Ora, não foi o gato. Bem sei que a palavra gato tem outros sentidos. Permite conotações de agilidade, de ação sub-reptícia, tirando as castanhas do fogo. Conota, quem sabe, a quadrilha que rouba e furta. Conotará, pode ser, a ação das máfias profissionais…

– Fui roubado ontem. Pularam o muro lá de casa e levaram meu televisor de plasma.

– Eu também fui roubado. Abriram minha barriga e surrupiaram meu fígado…

– Você precisa ter mais cuidado! Uma hora dessas, vai-se o coração!
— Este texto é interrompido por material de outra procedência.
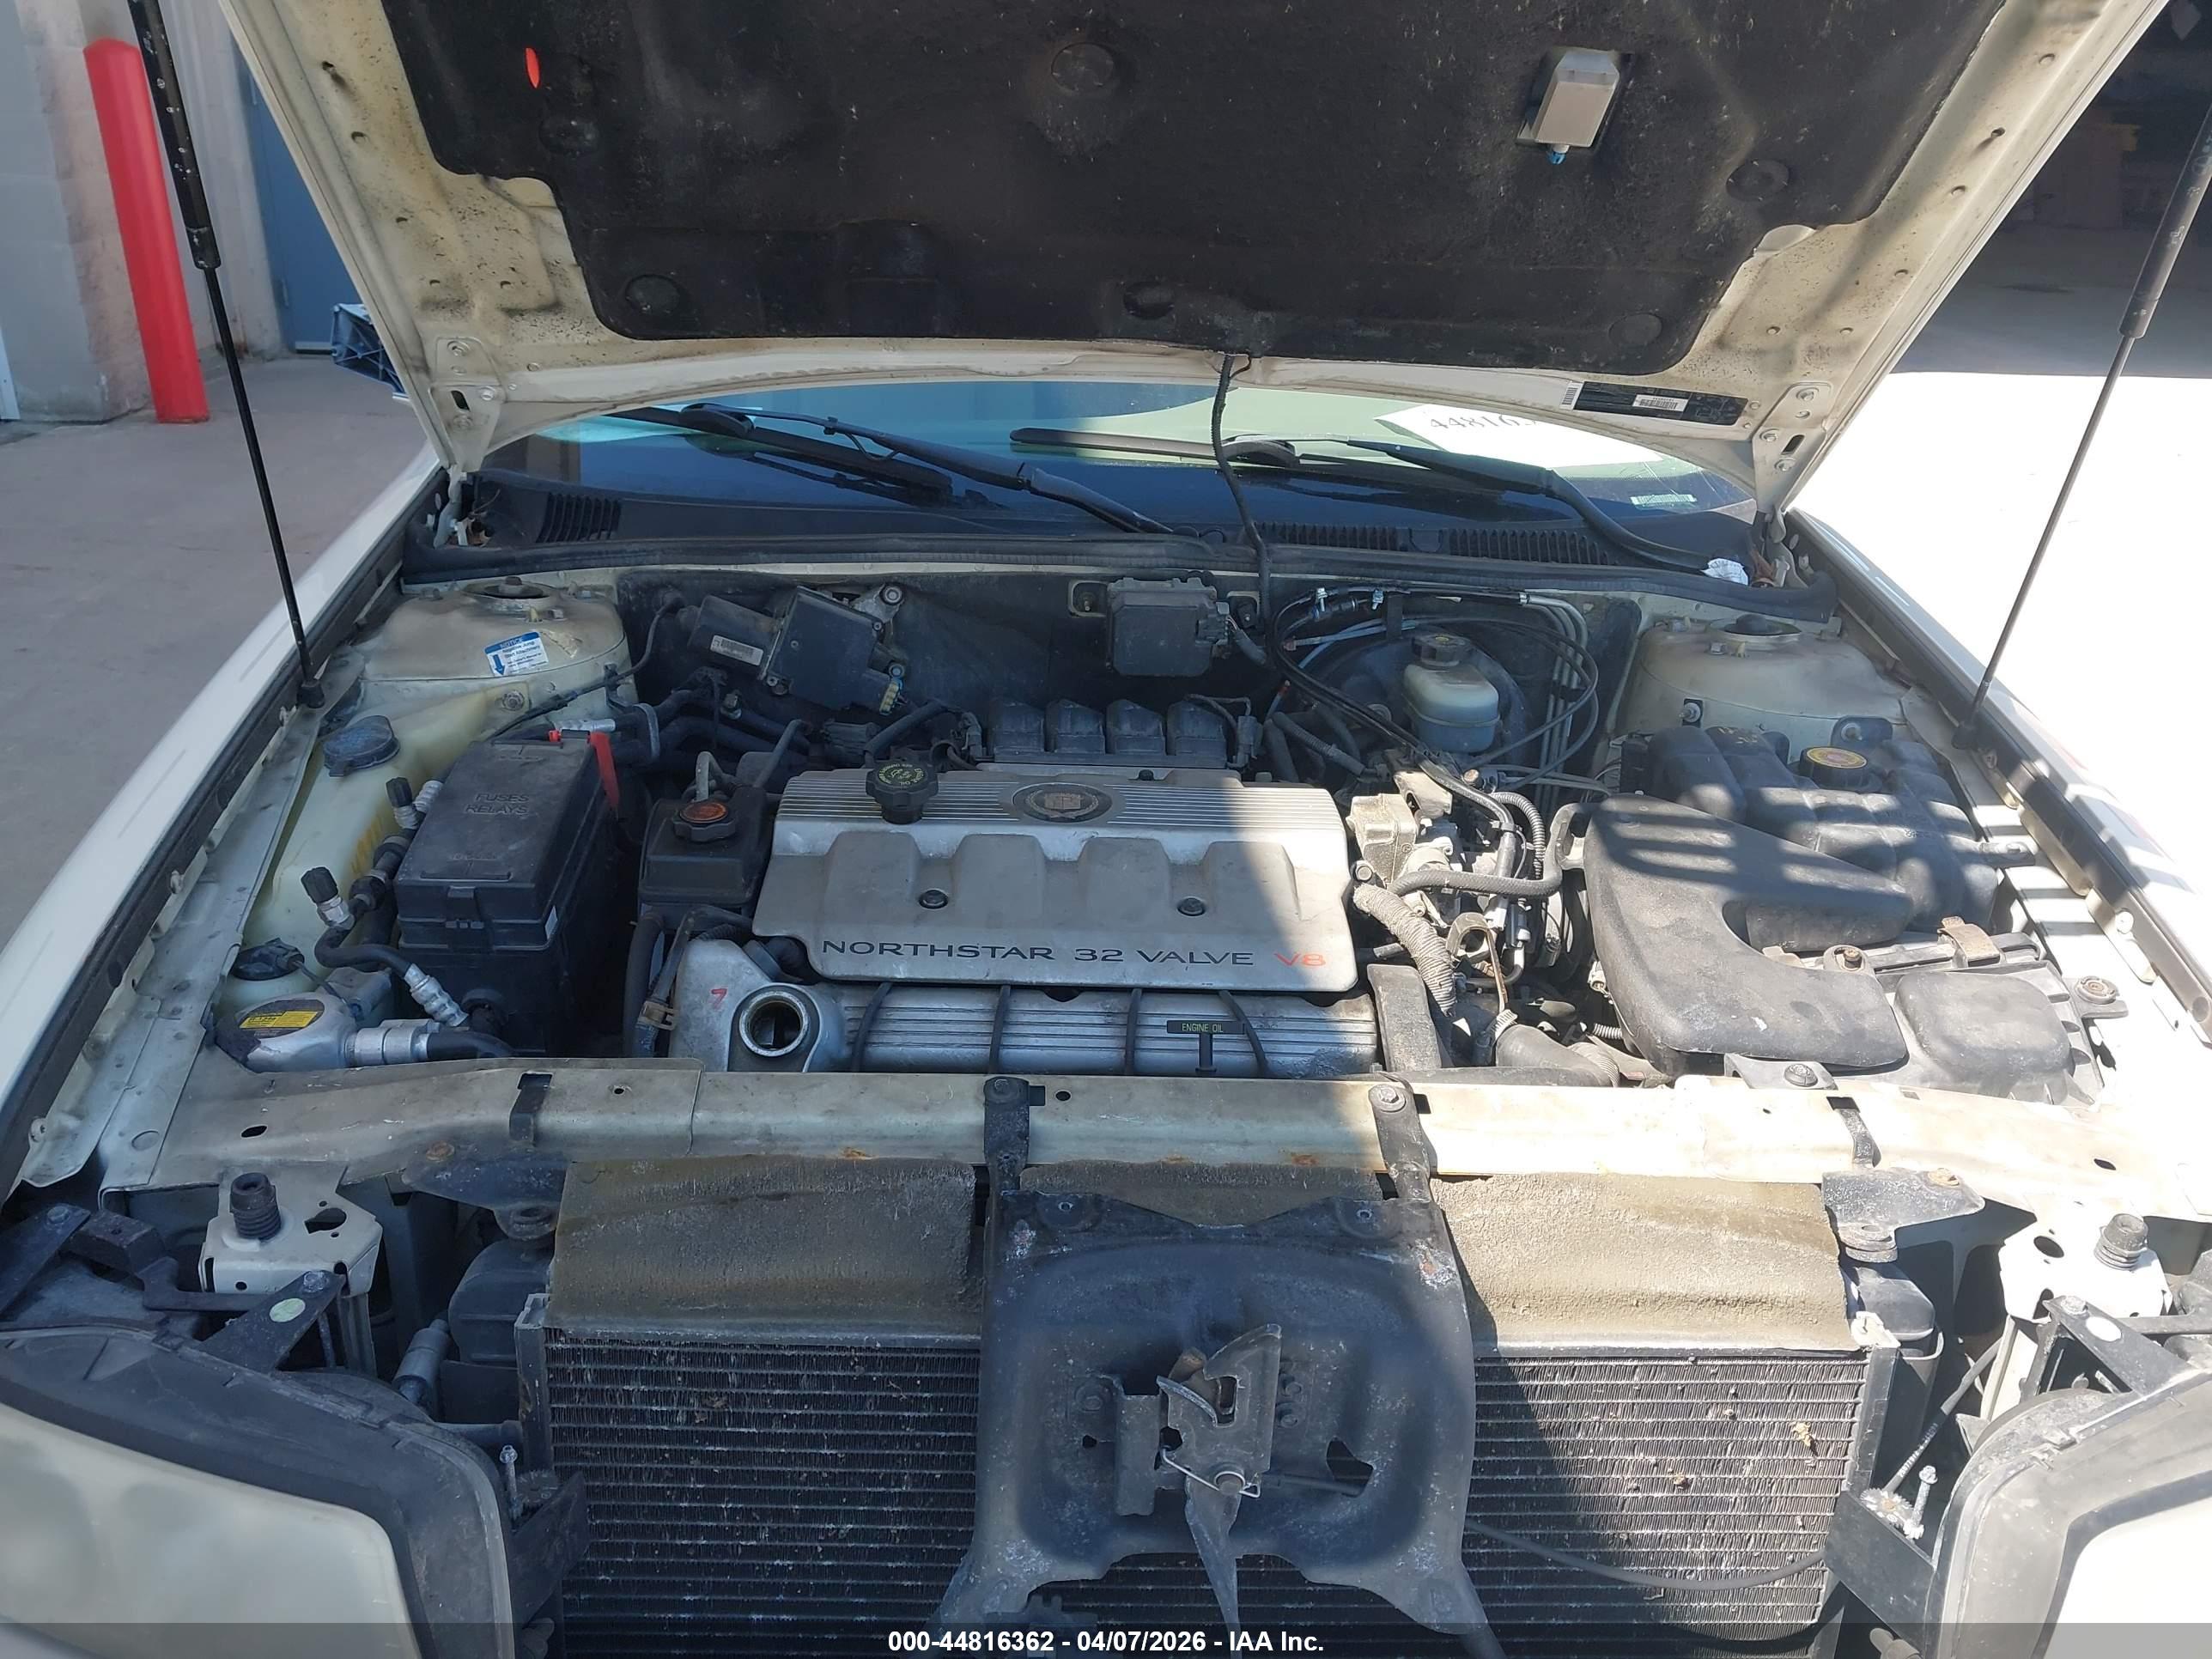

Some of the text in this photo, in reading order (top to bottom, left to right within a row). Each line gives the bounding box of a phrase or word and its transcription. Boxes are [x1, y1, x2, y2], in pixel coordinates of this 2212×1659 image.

[500, 637, 523, 649] NOTICE
[474, 793, 530, 804] FUSES
[465, 804, 529, 816] RELAYS
[823, 940, 1327, 967] NORTHSTAR 32 VALVE V8
[1182, 1023, 1224, 1033] ENGINE OIL
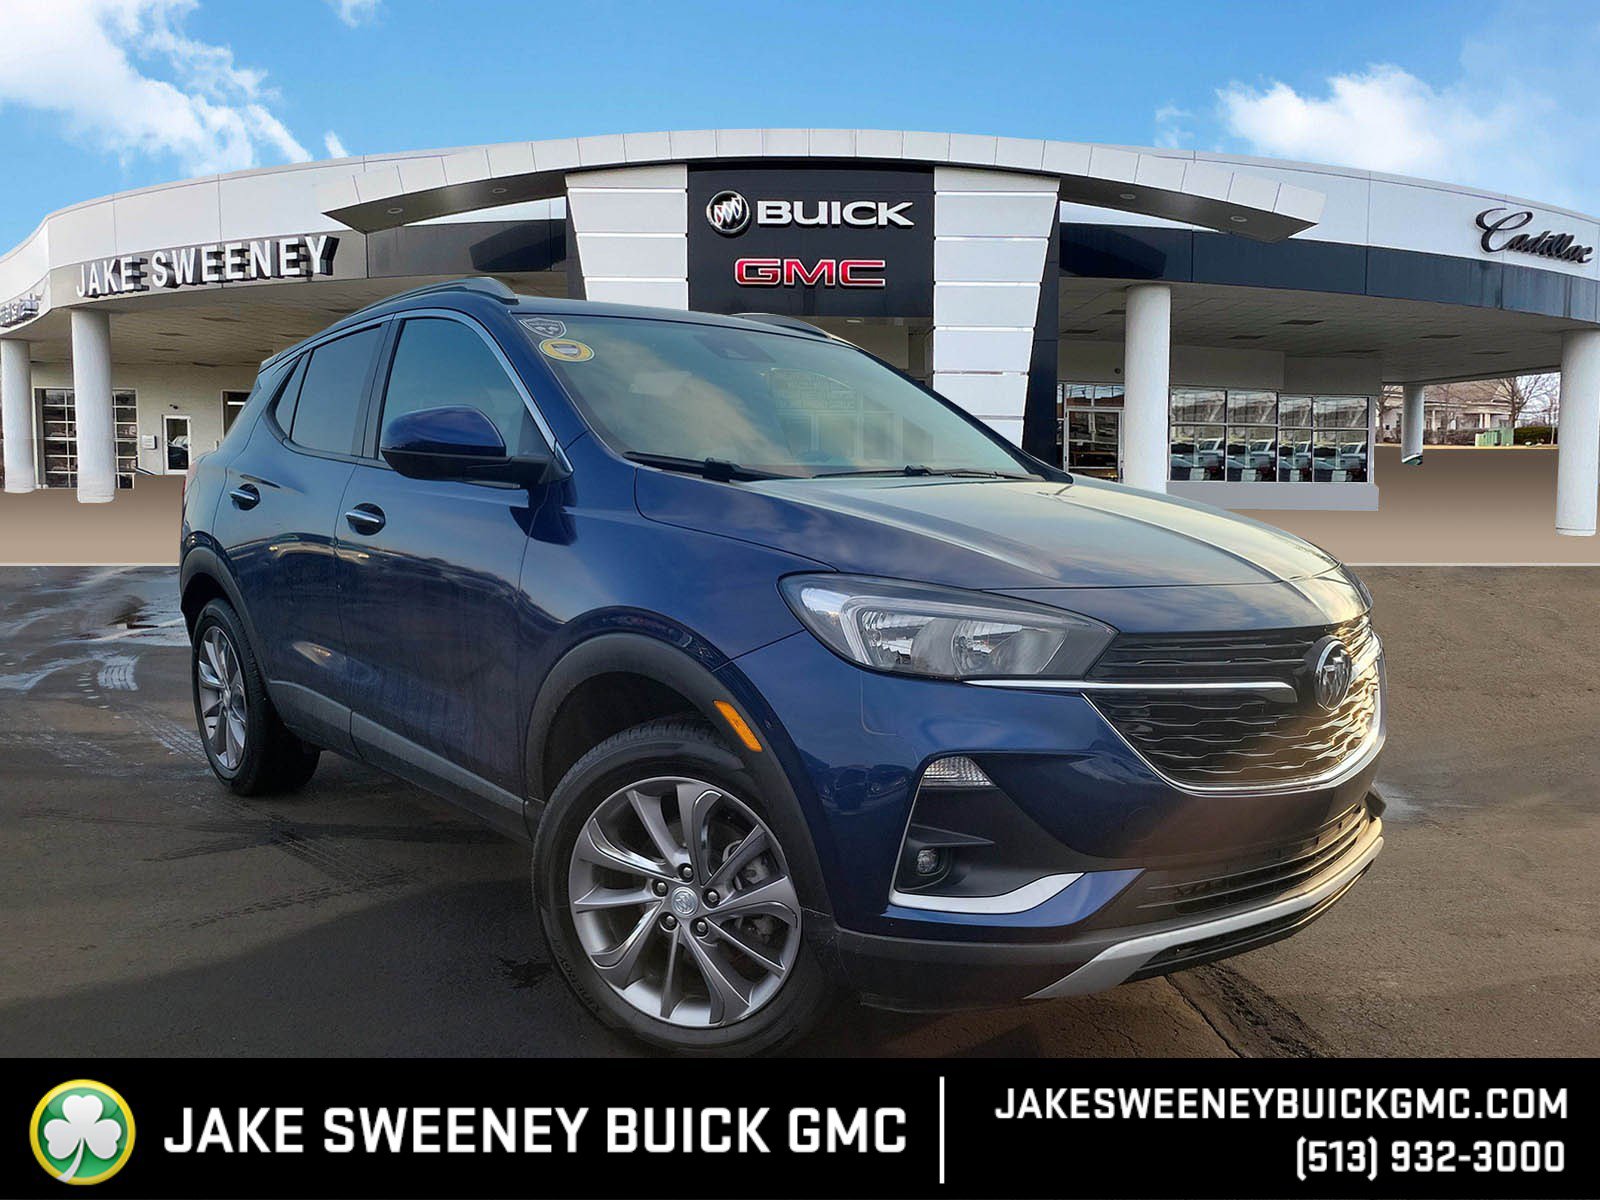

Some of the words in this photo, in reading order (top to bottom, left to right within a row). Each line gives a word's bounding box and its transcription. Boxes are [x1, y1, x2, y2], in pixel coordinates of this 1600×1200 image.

[757, 200, 914, 227] BUICK
[1475, 208, 1593, 264] Cadillac
[76, 256, 144, 298] JAKE
[152, 235, 336, 288] SWEENEY
[735, 258, 887, 288] GMC
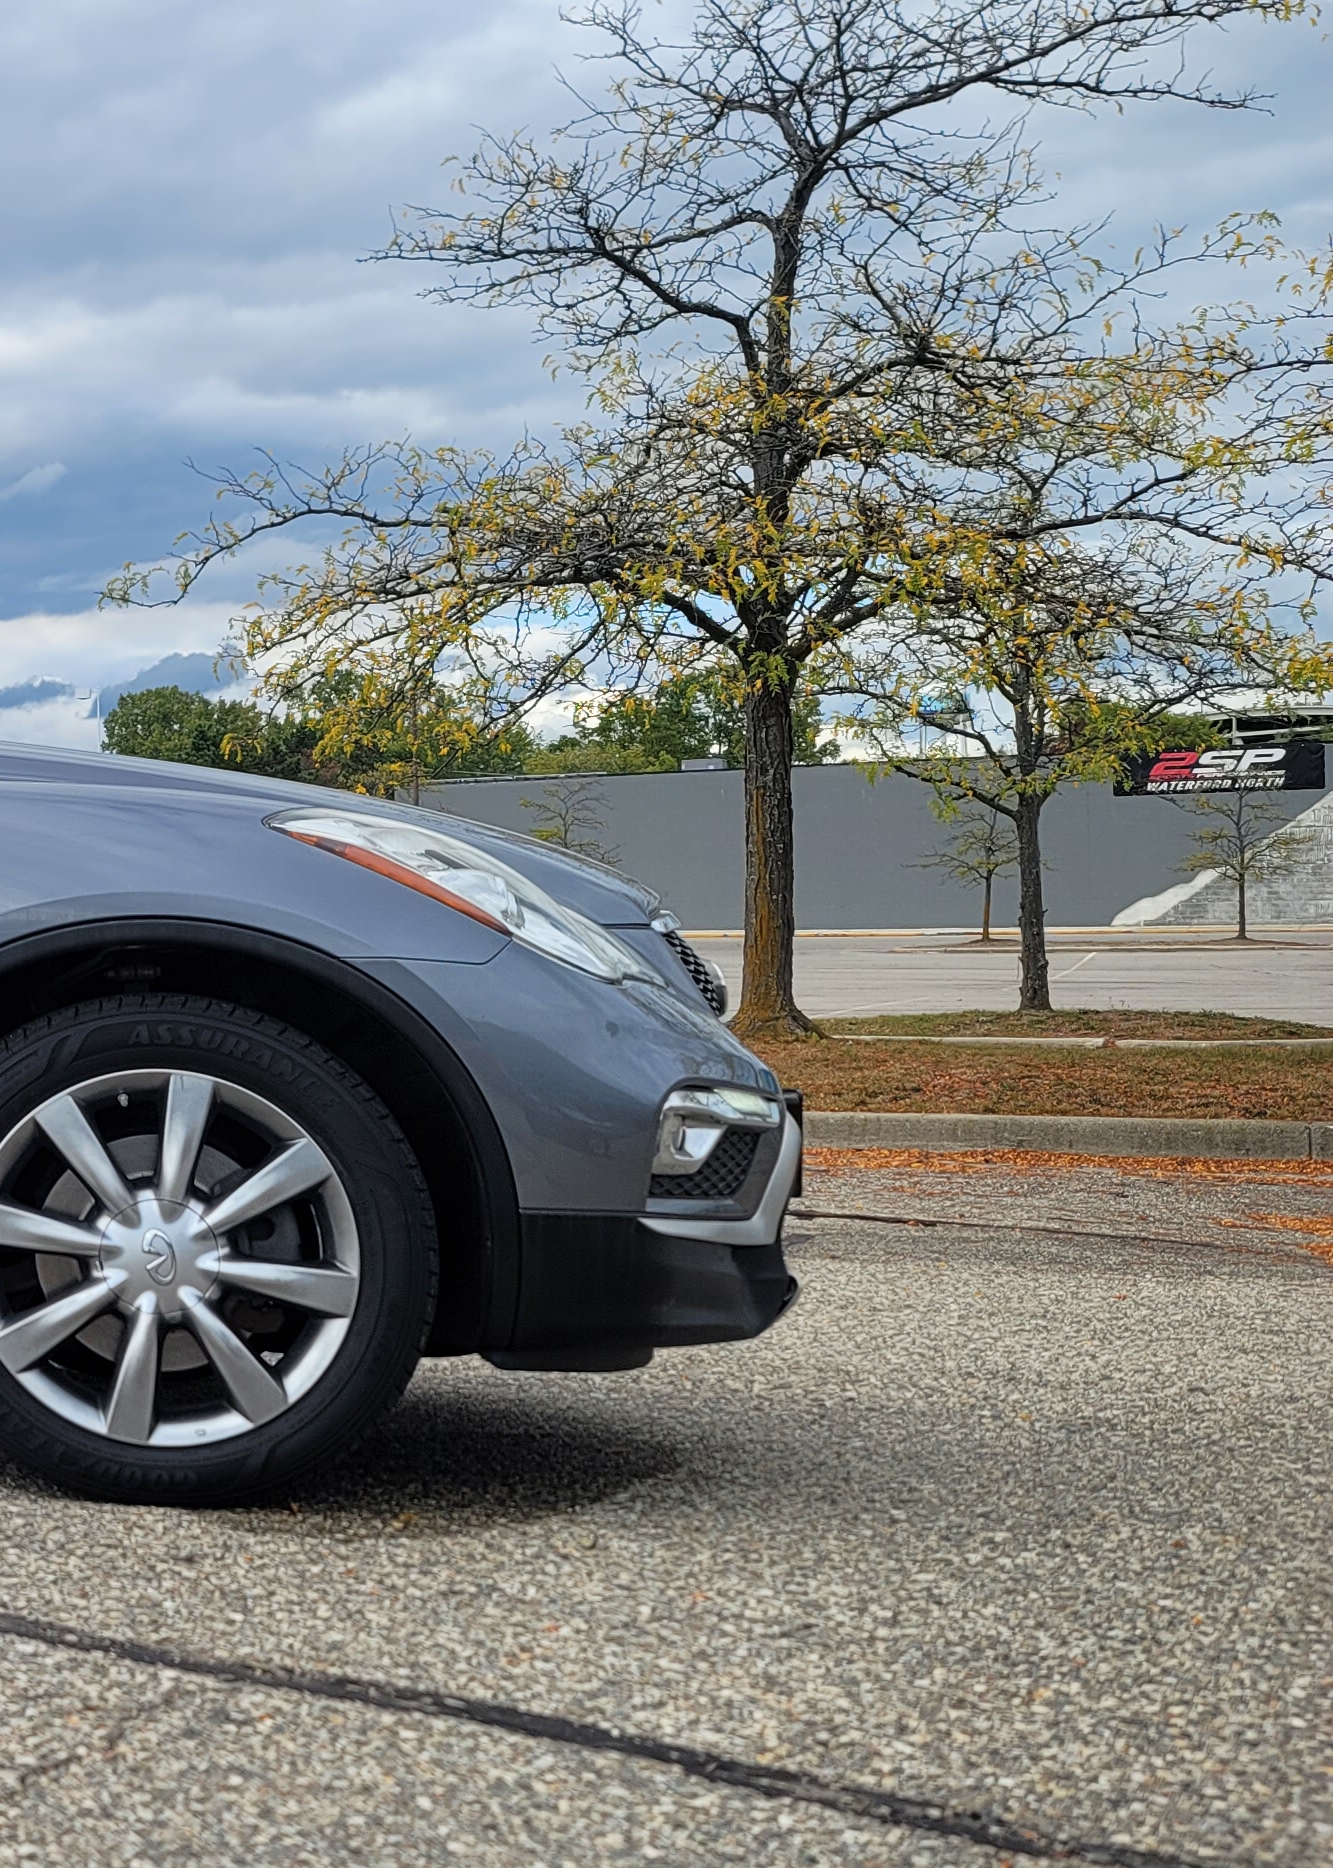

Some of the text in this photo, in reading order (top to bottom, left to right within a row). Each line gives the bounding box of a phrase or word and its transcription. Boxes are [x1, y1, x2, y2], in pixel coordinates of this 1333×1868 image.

[1148, 748, 1287, 776] 2SP
[1146, 777, 1285, 791] WATERFORD NORTH
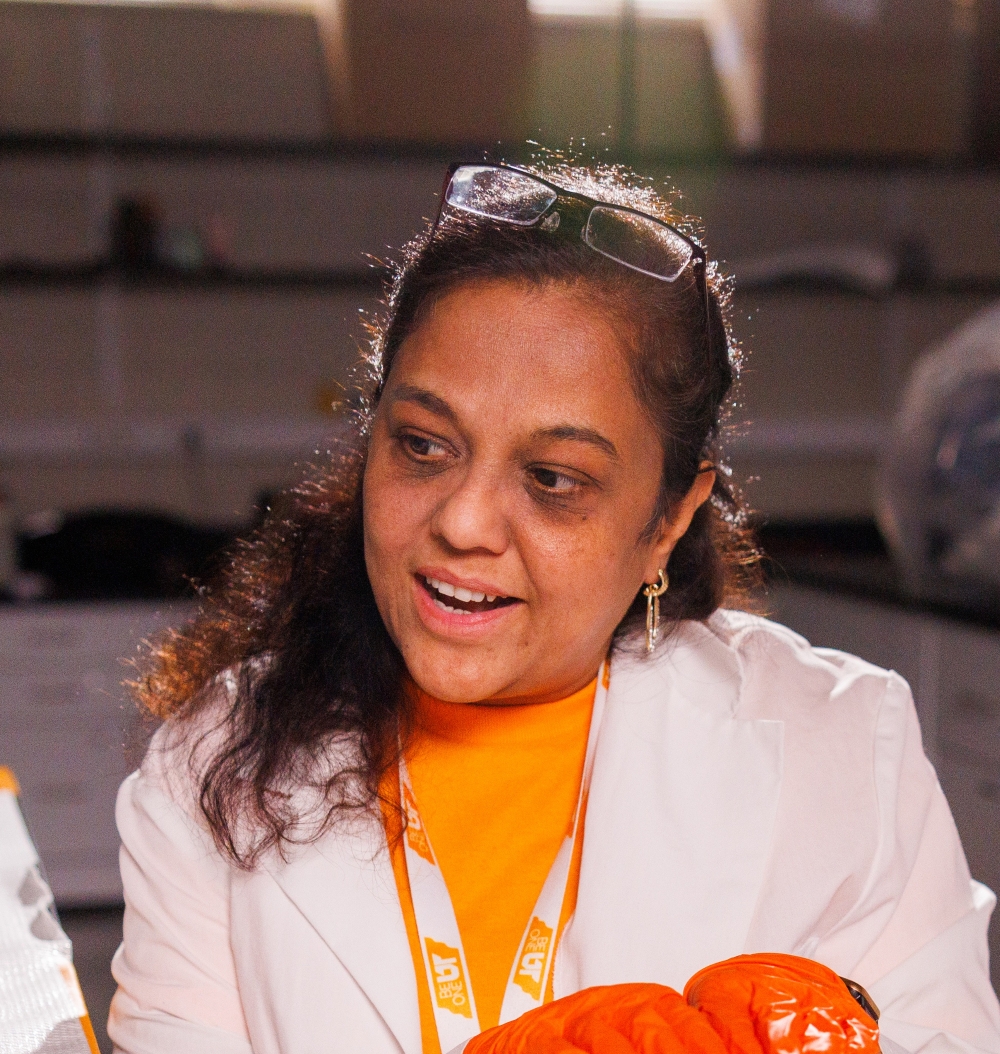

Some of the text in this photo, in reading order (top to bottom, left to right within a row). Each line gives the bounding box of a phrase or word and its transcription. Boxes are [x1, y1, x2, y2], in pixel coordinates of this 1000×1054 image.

[431, 952, 461, 983] UT
[438, 979, 453, 1000] BE
[450, 979, 466, 1007] ONE
Em que página estamos? Na página de humor ou na página policial? Então, um profissional de nível superior, com juramento de Hipócrates e tudo mais, é capaz de praticar um assalto, bisturi em punho, invadindo criminosamente a saúde e a vida de uma criança? E ainda vamos reclamar das balas perdidas e do trânsito violento?

*   *   *

Confesso que estou preocupado. Pode ser que eu ainda precise de uma cirurgia. Ainda não escolhi qual delas. Talvez extrair três sisos inclusos. Talvez aquele carocinho que incomoda no conduto auditivo esquerdo. Talvez aquele começo de “papo” que vai tomando conta da cartilagem, junto à faringe. Talvez a hérnia inguinal, já promovida a pêssego e tendendo para abacate. Talvez os ligamentos do tornozelo direito que romperam durante o banho. Talvez…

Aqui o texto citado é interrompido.